La festa dei lavoratori fu quindi un'iniziativa che superò i confini e divenne il simbolo delle rivendicazioni degli operai. In Italia la festa fu introdotta solo due anni dopo e oggi si festeggia ancora in diversi Paesi del mondo. Nonostante l'entrata in vigore della Costituzione nel 1948 si dovette attendere ancora parecchi anni prima di avere qualche risposta dalle lotte operaie. Ricordiamo l'entrata in vigore dello statuto dei lavoratori, la legge che cambiò finalmente il mondo del lavoro. Tra i temi chiave c'è l'articolo 18, che ha introdotto il reintegro del lavoratore licenziato senza giusta causa.
La provincia di Frosinone è sempre stata caratterizzata dalla presenza di numerose fabbriche che, dagli anni d'oro fino ad oggi, hanno portato sviluppo e lavoro sul territorio. Oggi è importante fare un passo indietro fino al 1962, quando Ceccano fu profondamente scossa dalle vicende della fabbrica Annunziata. Un grande movimento operaio che lottava per la dignità del lavoro e chiedeva di tassare in modo equo gli extraprofitti.

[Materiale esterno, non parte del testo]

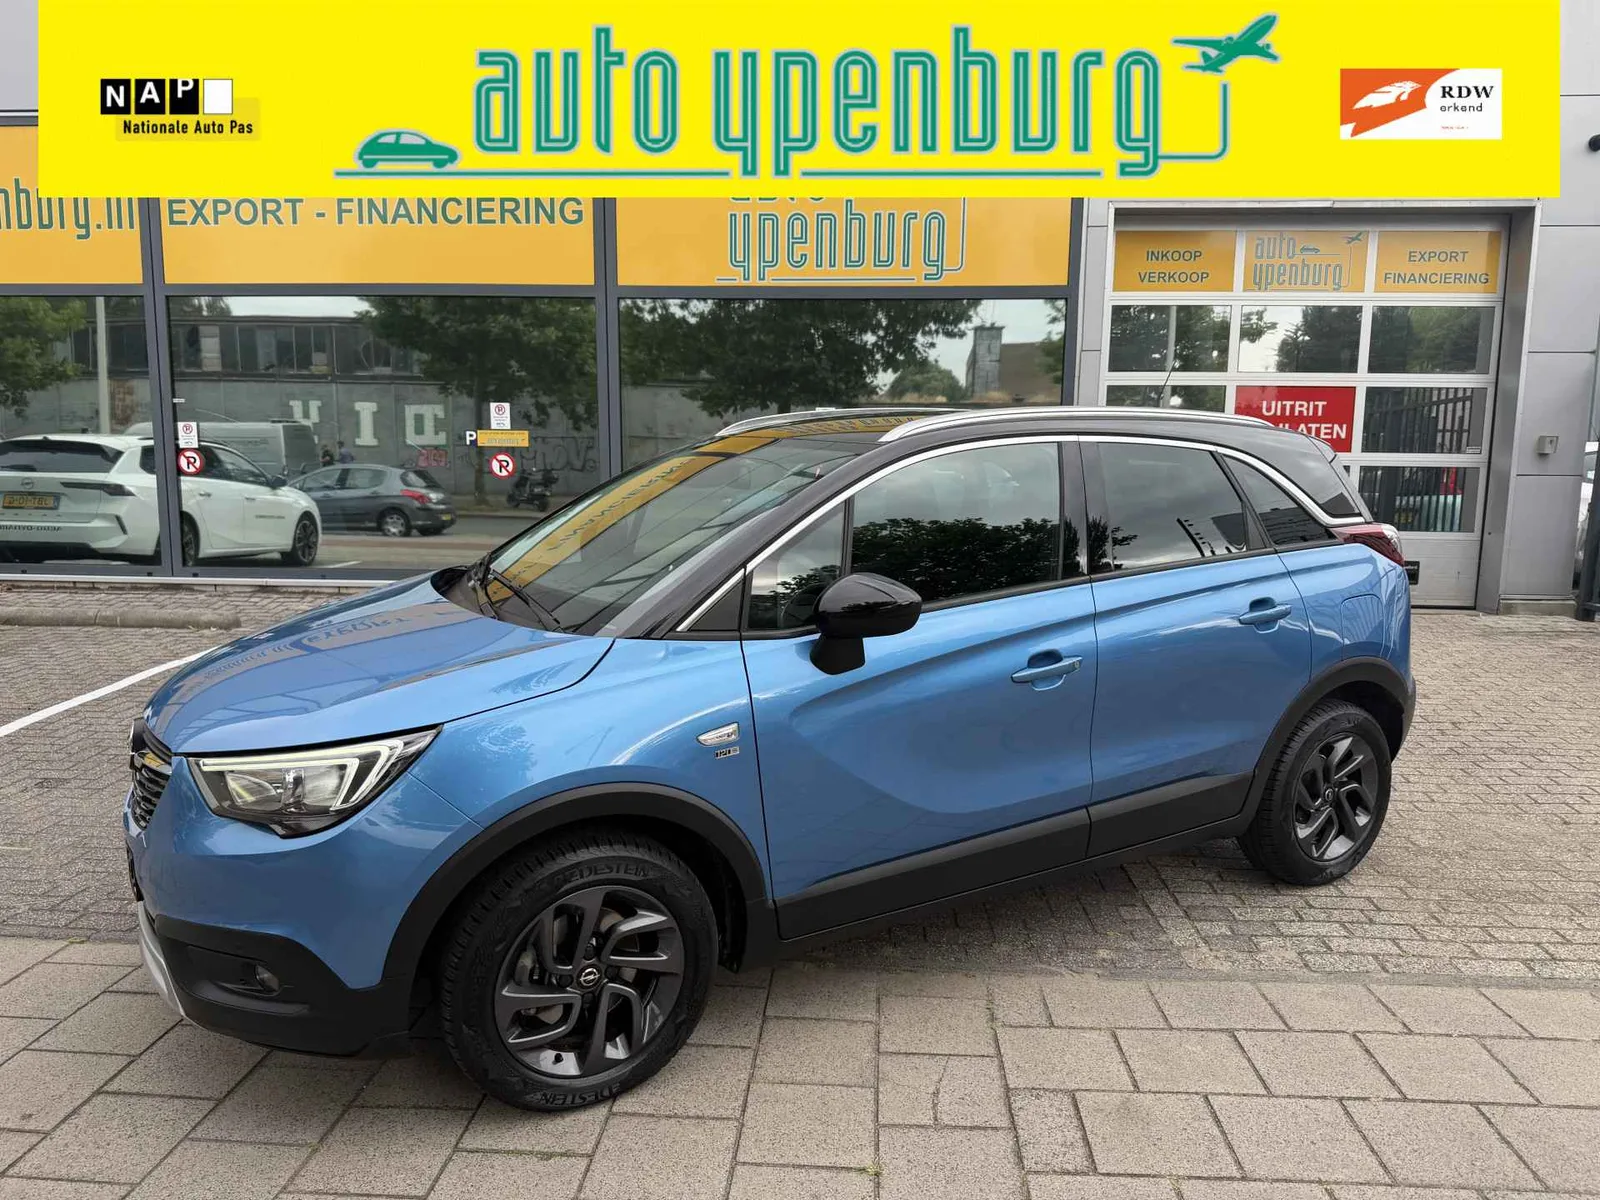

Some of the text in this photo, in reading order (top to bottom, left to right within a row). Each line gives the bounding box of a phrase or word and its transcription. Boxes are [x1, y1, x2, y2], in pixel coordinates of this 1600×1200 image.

Ma gli operai in sciopero furono colpiti duramente con una forte azione di repressione antisindacale: gli agenti cominciarono a sparare sulla folla. Furono ferite ben undici persone e venne colpito a morte l'operaio Luigi Mastrogiacomo. Un pezzo di storia che questa mattina verrà ricordato in piazza a Isola del Liri, durante la tradizionale manifestazione. Un'occasione importante per celebrare la storia e denunciare le problematiche presenti oggi nel mondo del lavoro.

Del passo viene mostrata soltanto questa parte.